Thanks again, her LL is quality time. I have been giving her that and she appreciates it.

She has not read any of those books. She did read SSM for me when we started piecing and took that to heart. I asked her to read DB once we were on the road to recovery but she didn't get past the intro. I asked her to read the 5LL's. She read about half. I asked her to read "How to Improve Your Marriage Without Talking About It". She read the first chapter, and then started reading fiction and never came back to it. I'm not going to ask her to read anything else, she's not motivated to do it. When I ask her to and she doesn't, it triggers resentment and I don't want to go there anymore. PM will not speak to her.

I don't believe you were in the same place my W was. You wanted fulfilling sex and were not getting it. She doesn't want sex at all. That's quite different. I don't believe she resents me for having an unfulfilled sex life. She resents me when I don't spend QT with her, and when I set expectations that she can't comfortably meet. She doesn't want to find sex rewarding, she doesn't want sex at all.
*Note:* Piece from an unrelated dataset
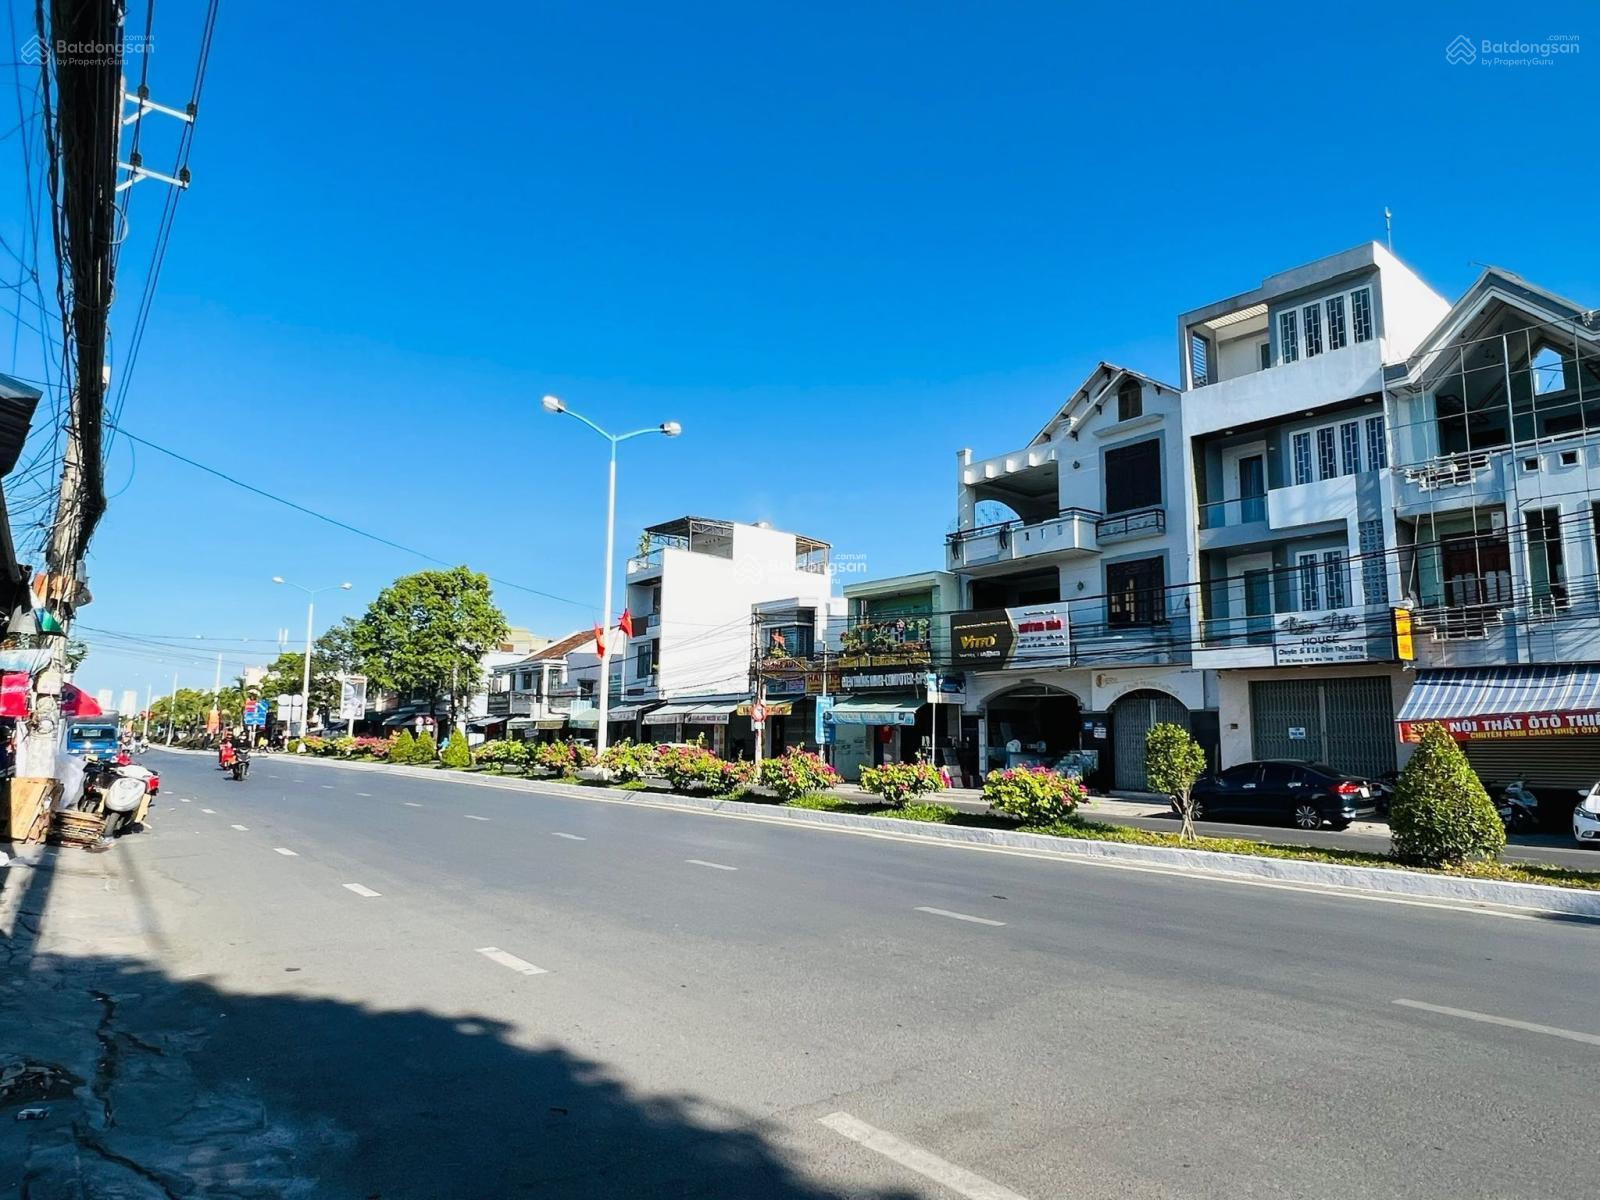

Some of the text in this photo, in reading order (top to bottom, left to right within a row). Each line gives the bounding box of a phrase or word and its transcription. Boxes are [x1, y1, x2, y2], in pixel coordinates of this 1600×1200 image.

[1302, 635, 1340, 645] HOUSE
[1449, 719, 1477, 734] NỘI
[1481, 716, 1522, 731] THẤT
[1528, 714, 1561, 728] ÔTÔ
The issue is not that I won't make sex rewarding for her -- I will. Given any opportunity I'll make it all about her. It's not about my O, that has not been the focus. I'm not a sexual trance guy, I'm a partner engagement guy (to use PM speak), and neither of us are interested in role play.
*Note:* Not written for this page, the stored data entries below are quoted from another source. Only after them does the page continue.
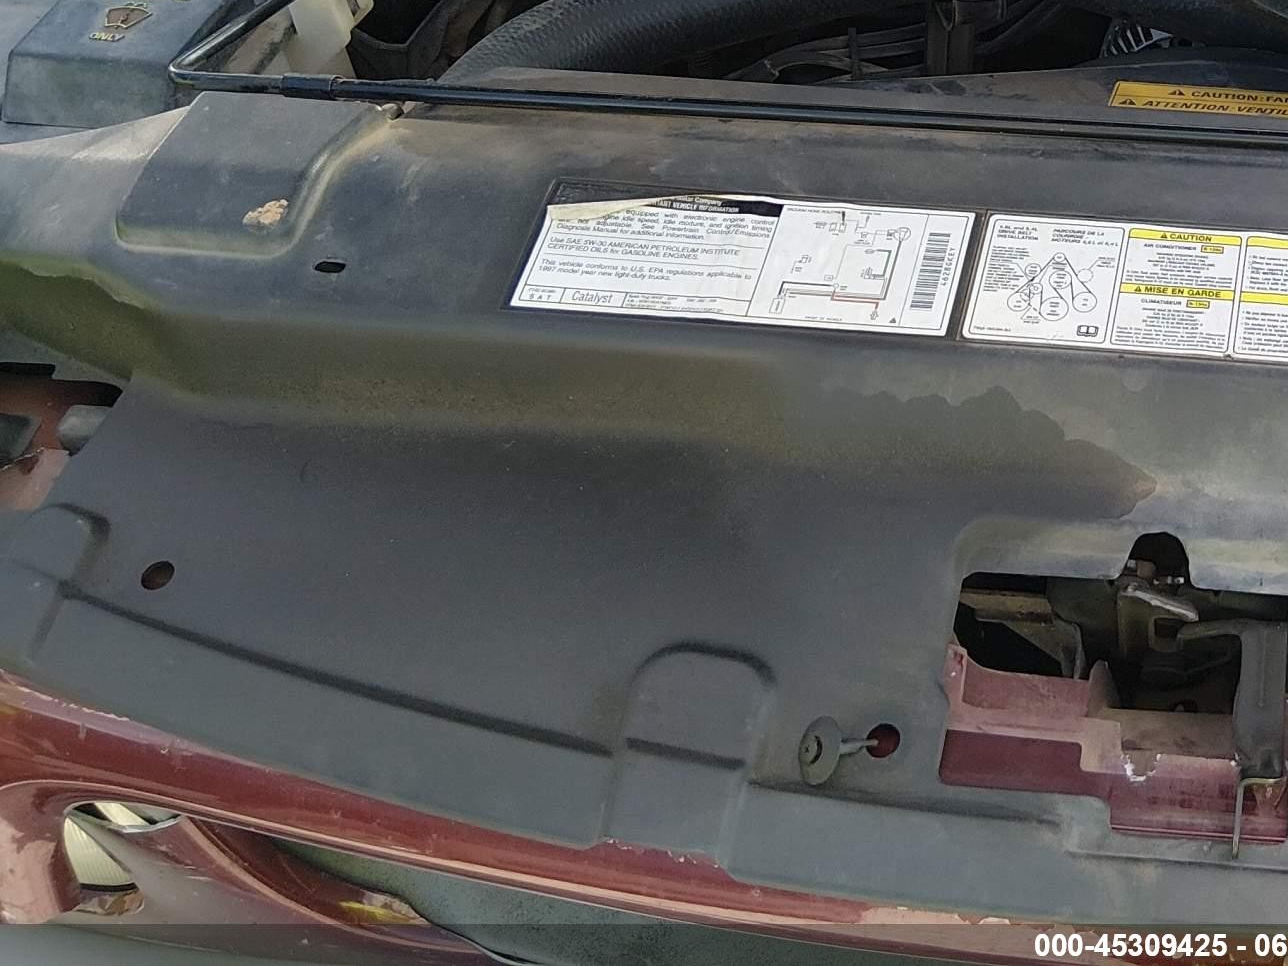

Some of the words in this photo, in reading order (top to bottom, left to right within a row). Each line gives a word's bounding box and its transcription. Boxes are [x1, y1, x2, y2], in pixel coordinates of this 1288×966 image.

[88, 31, 126, 42] ONLY
[1142, 100, 1229, 112] ATTENTION
[672, 201, 698, 210] VEHICLE
[556, 223, 591, 232] Diagnosis
[592, 225, 619, 233] Manual
[706, 227, 771, 238] Control/Emissions
[751, 224, 773, 233] timing
[1169, 233, 1212, 242] CAUTION
[547, 243, 589, 252] CERTIFIED
[621, 248, 662, 258] GASOLINE
[566, 237, 581, 245] SAE
[583, 239, 607, 247] 5W-30
[607, 240, 650, 250] AMERICAN
[650, 244, 700, 254] PETROLEUM
[700, 248, 741, 256] INSTITUTE
[542, 258, 556, 266] This
[558, 260, 584, 268] vehicle
[585, 261, 619, 270] conforms
[666, 269, 704, 277] regulations
[706, 271, 742, 279] applicable
[580, 268, 597, 276] year
[614, 270, 647, 280] light-duty
[571, 291, 613, 304] Catalyst
[1144, 286, 1169, 294] MISE
[1187, 289, 1221, 298] GARDE
[1140, 298, 1182, 306] CLIMATISEUR
In terms of toys, I tried a variety of vibrators, vibrating rings, non-vibrating toys etc. She was very passive aggressive about the whole thing. She really doesn't like vibrators, she said they are uncomfortable, and the noise they make really really bothers her. I asked her to show me how to use them in a way she would like after I determined that what I was doing wasn't working, but she wouldn't, she just said "do whatever you want".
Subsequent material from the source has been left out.